KneeKG assessment systems in Halifax, Dartmouth, Cape Breton and the Annapolis Valley will help identify which knee osteoarthritis patients to refer to surgery and who to refer to physiotherapy. The system will also indicate which exercises are optimal for stabilizing joint function— to delay or avoid the need for surgery and/or improve surgery’s results.
Putting proven tools in place to manage joint problems, cut surgery waitlists
Nova Scotians with severe hip and knee pain will receive more timely care, customized to their needs, with the rollout of a suite of new technologies across the province this year.
“This is the culmination of five years of clinical studies to validate the effectiveness of these tools,” said Dr. Michael Dunbar, orthopedic surgeon and leader of the Atlantic Canada Opportunities Agency-funded project first announced in 2014 as Mobility@CapitalHealth.
New ACOA funding of $2 million announced in 2019 is supporting NSHA to determine exactly what needs to be done to integrate the now-proven tools into patient care province-wide.
The project is a partnership between NSHA, ACOA and three private firms: Emovi, makers of KneeKG, a knee-assessment system that analyzes the 3-D structure and function of the knee in motion; OrthoMX, a local company that developed InStride, a smartphone app that tracks and analyzes walking patterns (gait); and another Halifax firm, Kinduct Technologies, whose Kinduct Clinic web portal grants patients access to their own orthopedics records, gait analysis and KneeKG reports, customized exercise plans and instructions.
“These tools work together to give patients the opportunity to play a more active role in their own care, relieve the burden of unnecessary travel, and provide faster access to the most appropriate interventions,” noted Dr. Dunbar. “KneeKG, for example, allows us to evaluate if a person with osteoarthritis of the knee needs to see a surgeon urgently or if targeted physiotherapy exercises will improve joint function, relieve pain and reduce the urgency of the need to see a surgeon. This alone will take enormous pressure off wait times for surgery consults and joint replacement surgeries.”
“These tools work together to give patients the opportunity to play a more active role in their care, relieve the burden of unnecessary travel.”
After surgery, patients will use InStride to capture information about their walking patterns on their phones and send it directly to their surgery team.
“Their gait patterns can tell us if something is not going as expected after surgery,” noted Dr. Dunbar. “If it’s a risk, they will need to come in for an appointment. If not, they may be able to avoid an unnecessary trip to Halifax.”
Nova Scotia is the first province in Canada to test, and adopt, such an integrated set of tools for assessing and monitoring patients from a distance.
New remote technologies protect patients' hearts
By Melanie Jollymore
NSHA researchers are leading the way to keeping patients with cardiac arrhythmias safe.

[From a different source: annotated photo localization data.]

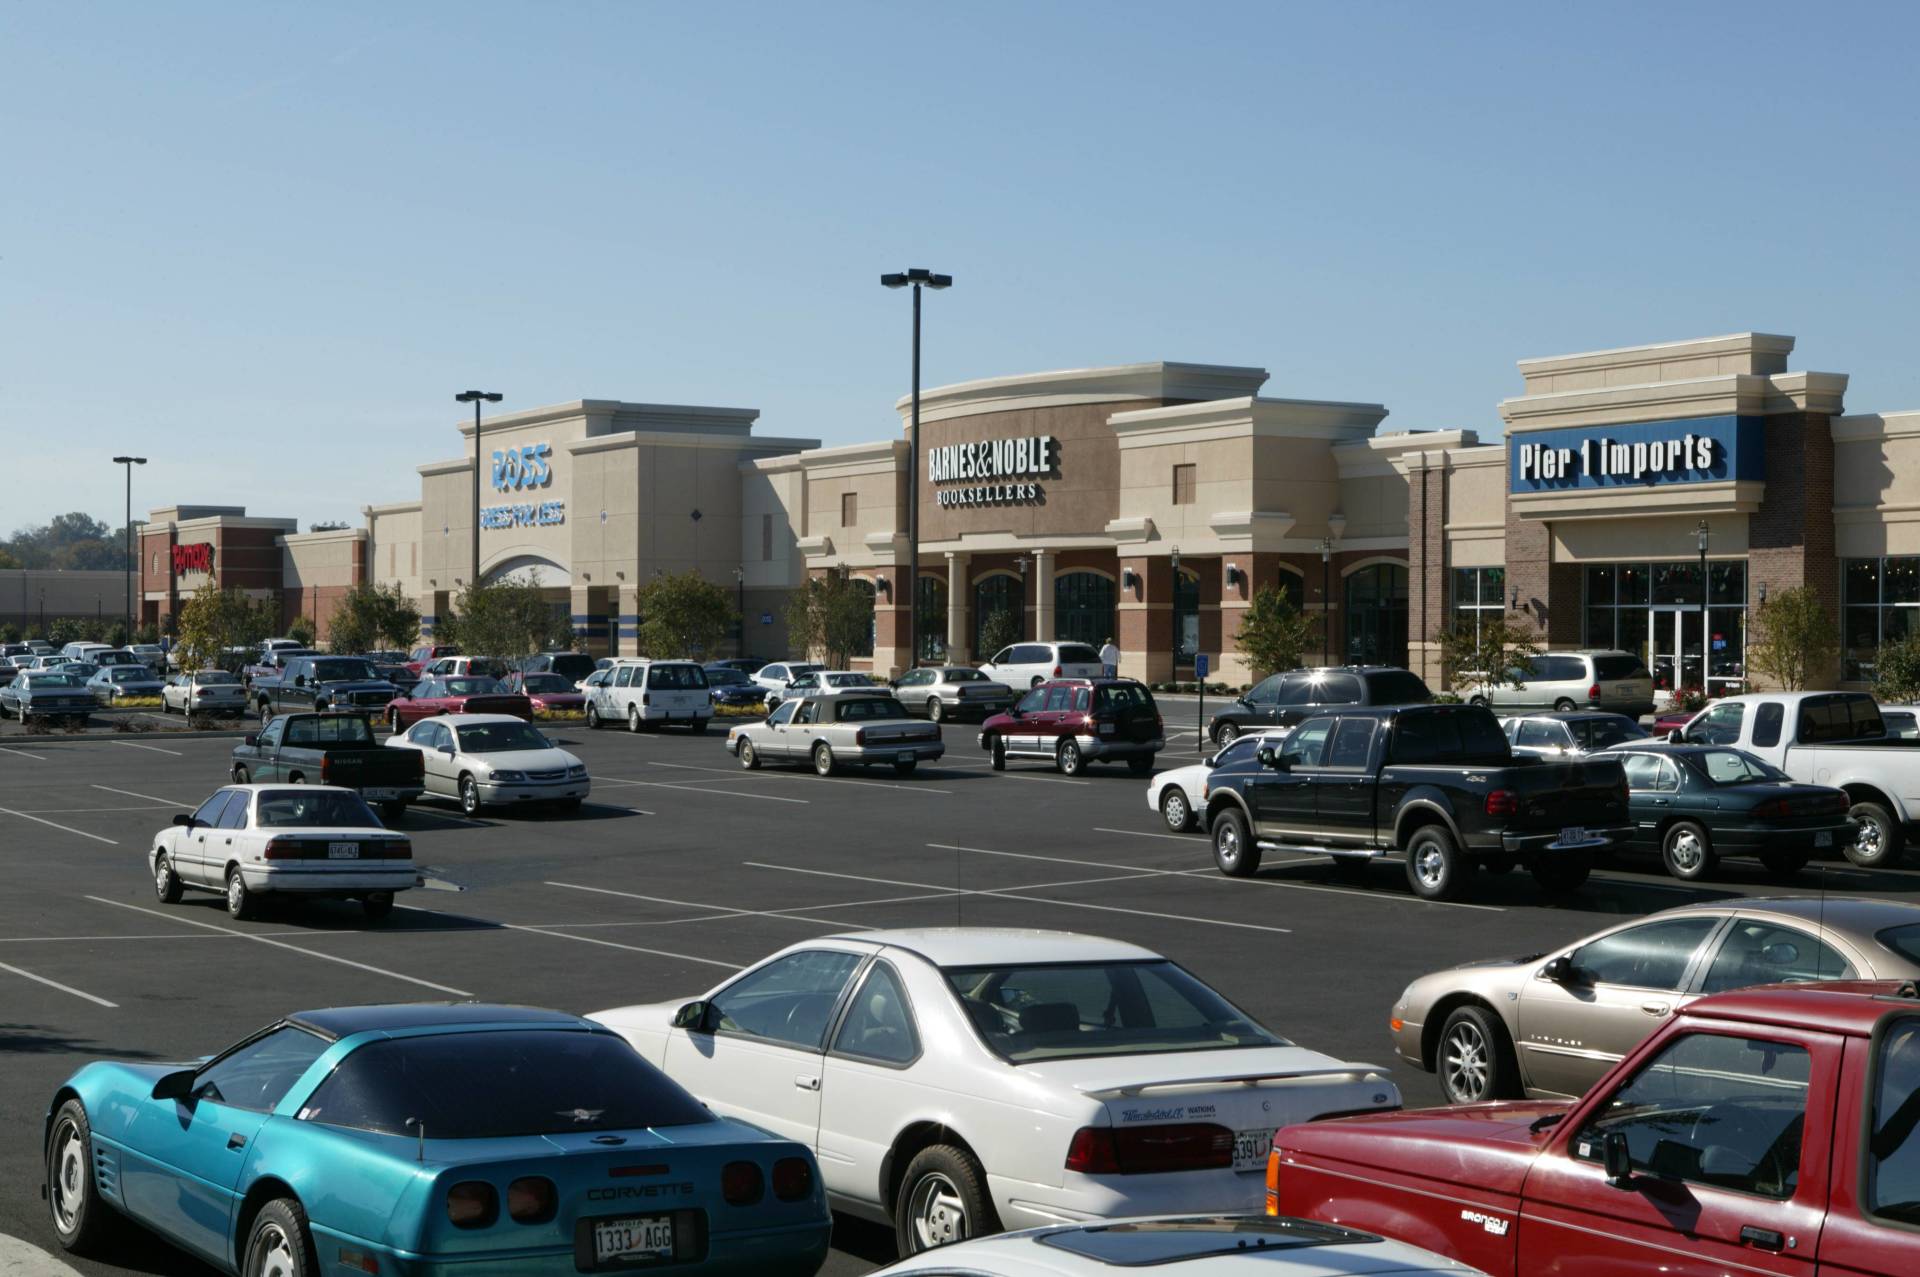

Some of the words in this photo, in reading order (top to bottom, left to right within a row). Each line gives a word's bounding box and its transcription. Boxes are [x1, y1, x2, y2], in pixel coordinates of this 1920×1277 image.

[492, 443, 548, 489] ROSS
[1520, 444, 1571, 480] Pier
[1581, 439, 1590, 477] 1
[1601, 434, 1712, 479] imports
[937, 483, 1036, 505] BOOKSELLERS
[1187, 1105, 1216, 1114] WATKINS
[587, 1182, 695, 1200] CORVETTE
[596, 1228, 632, 1253] 1333
[645, 1225, 671, 1249] AGG

Many of these patients receive implantable defibrillators that monitor their heart rhythm patterns and correct any irregularities by setting a steady pace or sending a shock to the heart. But, as cardiologist Dr. Ratika Parkash explains, as many as 18 per cent of Nova Scotians with ventricular tachycardia (the most life-threatening arrhythmia) refuse the device because they would need to travel a long distance to Halifax for regular device check-ups that ensure their safety.
“The trip to Halifax to have the defibrillator checked is too costly and time-consuming for some patients…they opt out even though it puts them at higher risk of dying,” said Dr. Parkash. “That’s why we are developing and testing methods of monitoring the function of the devices from a distance.”

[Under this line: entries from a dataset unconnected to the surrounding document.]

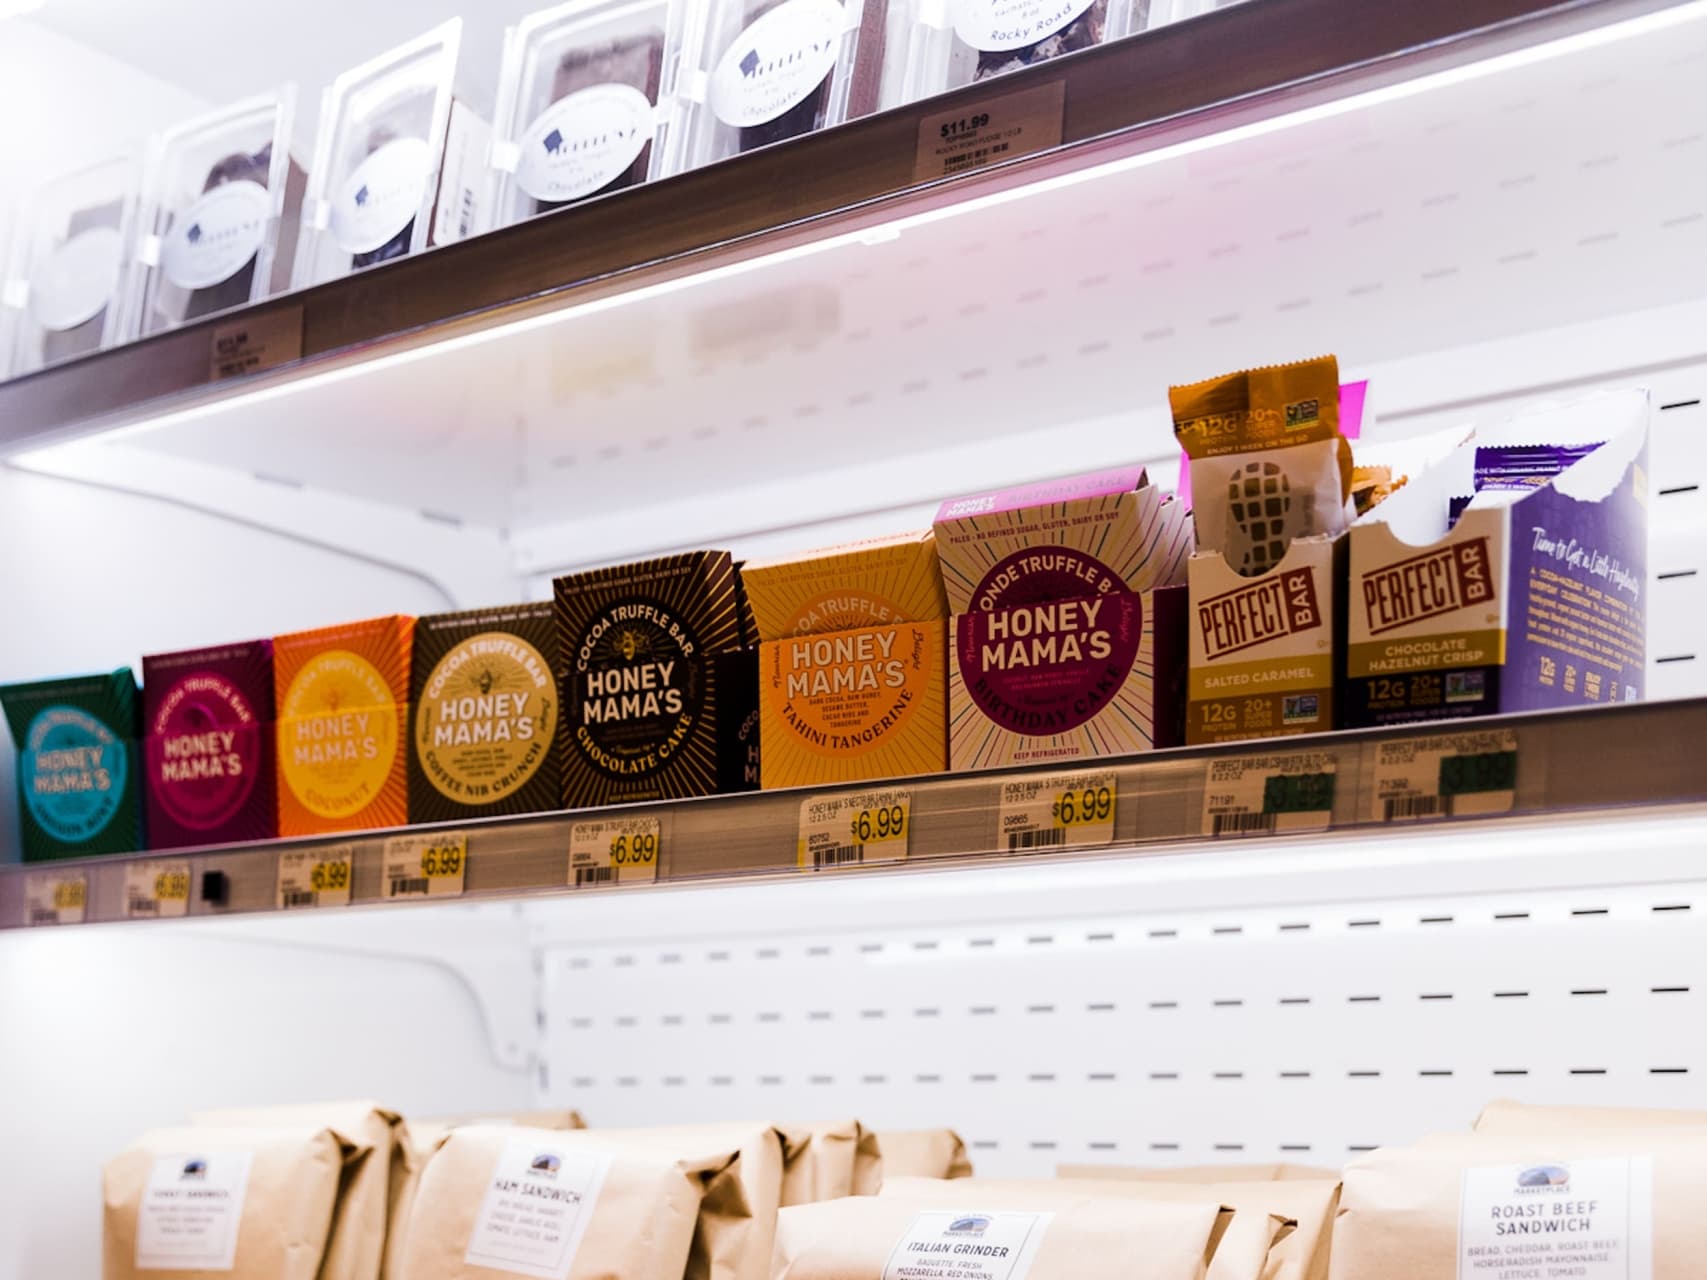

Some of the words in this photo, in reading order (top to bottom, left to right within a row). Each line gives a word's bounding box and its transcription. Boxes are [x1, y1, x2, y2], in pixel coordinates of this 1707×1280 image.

[990, 27, 1030, 41] Rocky
[1036, 5, 1072, 31] Road
[940, 113, 990, 137] $11.99
[950, 535, 970, 544] PALEO
[988, 529, 1015, 538] REFINED
[1016, 525, 1039, 534] SUGAR,
[1042, 520, 1071, 530] GLUTEN,
[1072, 517, 1092, 525] DAIRY
[1094, 514, 1104, 522] OR
[1106, 511, 1119, 520] SOY
[1019, 554, 1096, 584] TRUFFLE
[1363, 554, 1457, 629] PERFECT
[1464, 545, 1487, 601] BAR
[818, 597, 889, 620] TRUFFLE
[987, 600, 1104, 640] HONEY
[1199, 581, 1286, 656] PERFECT
[1290, 574, 1312, 626] BAR
[576, 617, 611, 672] COCOA
[610, 604, 670, 629] TRUFFLE
[668, 621, 694, 658] BAR
[792, 631, 897, 670] HONEY
[981, 630, 1112, 673] MAMA'S
[1385, 638, 1466, 657] CHOCOLATE
[429, 650, 469, 699] COCOA
[469, 639, 525, 664] TRUFFLE
[524, 657, 548, 688] BAR
[1369, 654, 1440, 671] HAZELNUT
[1442, 650, 1484, 663] CRISP
[587, 661, 675, 698] HONEY
[786, 661, 905, 699] MAMA'S
[1204, 674, 1249, 688] SALTED
[1252, 668, 1314, 683] CARAMEL
[1368, 680, 1405, 699] 12G
[184, 677, 232, 699] TRUFFLE
[230, 693, 250, 724] BAR
[440, 693, 529, 722] HONEY
[583, 688, 683, 725] MAMA'S
[974, 677, 1070, 730] BIRTHDAY
[1072, 663, 1122, 716] CAKE
[296, 714, 370, 741] HONEY
[782, 702, 827, 748] TAHINI
[831, 689, 914, 749] TANGERINE
[1201, 703, 1237, 722] 12G
[163, 730, 236, 759] HONEY
[434, 717, 534, 747] MAMA'S
[577, 726, 658, 774] CHOCOLATE
[658, 712, 692, 759] CAKE
[35, 746, 103, 770] HONEY
[294, 737, 378, 765] MAMA'S
[1013, 751, 1030, 760] KEEP
[1030, 747, 1080, 759] REFRIGERATED
[33, 768, 112, 794] MAMA'S
[161, 753, 243, 783] MAMA'S
[425, 750, 462, 794] COFFEE
[464, 784, 489, 797] NIB
[492, 741, 542, 792] CRUNCH
[1052, 787, 1111, 824] $6.99
[851, 806, 903, 840] $6.99
[421, 847, 461, 878] $6.99
[609, 834, 654, 864] $6.99
[311, 861, 347, 890] $6.99
[521, 1183, 582, 1205] SANDWICH
[1491, 1203, 1545, 1219] ROAST
[1552, 1200, 1599, 1215] BEEF
[1496, 1218, 1591, 1236] SANDWICH
[907, 1242, 951, 1253] ITALIAN
[953, 1244, 1009, 1258] GRINDER
[1558, 1241, 1589, 1251] ROAST
[958, 1261, 983, 1269] FRESH
[1473, 1256, 1543, 1268] HORSERADISH
[1547, 1267, 1587, 1278] TOMATO

The problem is not confined to Nova Scotia alone. In fact, Dr. Parkash is heading an 18-centre, Canada-wide study to test a remote technology that allows patients to plug their defibrillator into a wall outlet, through which it transmits information about its own function to their device clinics (if there are any problems, the patient must bring in the device for servicing). The researchers are also testing a web-based app called VIRTUES (Virtual Integrated Reliable Transformative User-driven E-health System) in partnership with the Cardiac Arrhythmia Network (CANet) that allows clinic staff to send personalized information directly to patients about their devices and how they’re helping them. A $25,000 grant from the NSHA Research Fund has allowed Dr. Parkash to team up with Kinduct, a Halifax-based health technology firm. Together they’re developing and testing Kinduct AF and Kardiomobile, a platform for monitoring and educating people with atrial fibrillation, an arrhythmia of the heart’s upper chambers.

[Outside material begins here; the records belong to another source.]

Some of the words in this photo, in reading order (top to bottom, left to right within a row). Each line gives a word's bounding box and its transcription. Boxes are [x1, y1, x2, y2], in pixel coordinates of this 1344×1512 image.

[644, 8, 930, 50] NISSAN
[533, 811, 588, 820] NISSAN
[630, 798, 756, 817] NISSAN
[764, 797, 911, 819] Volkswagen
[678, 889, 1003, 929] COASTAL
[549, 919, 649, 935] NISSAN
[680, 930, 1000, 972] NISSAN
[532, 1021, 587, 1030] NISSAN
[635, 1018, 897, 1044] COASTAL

“When they have symptoms, patients put their finger on a wireless pad that is essentially a single-lead ECG,” Dr. Parkash explains. “This interacts with an app that gathers the heart rhythm data, puts it into a PDF and sends it to the patient’s phone along with personalized advice through the Kinduct AF platform about what to do. Patients can also use the app to message their health care providers.”
The new technologies are already making an impact, even in the testing stage.
“We’re getting very positive feedback from patients,” Dr. Parkash says. “We’re doing a massive overhaul of the follow-up system, putting more power and information in patients’ and providers’ hands and connecting them for easier, more effective information exchange.”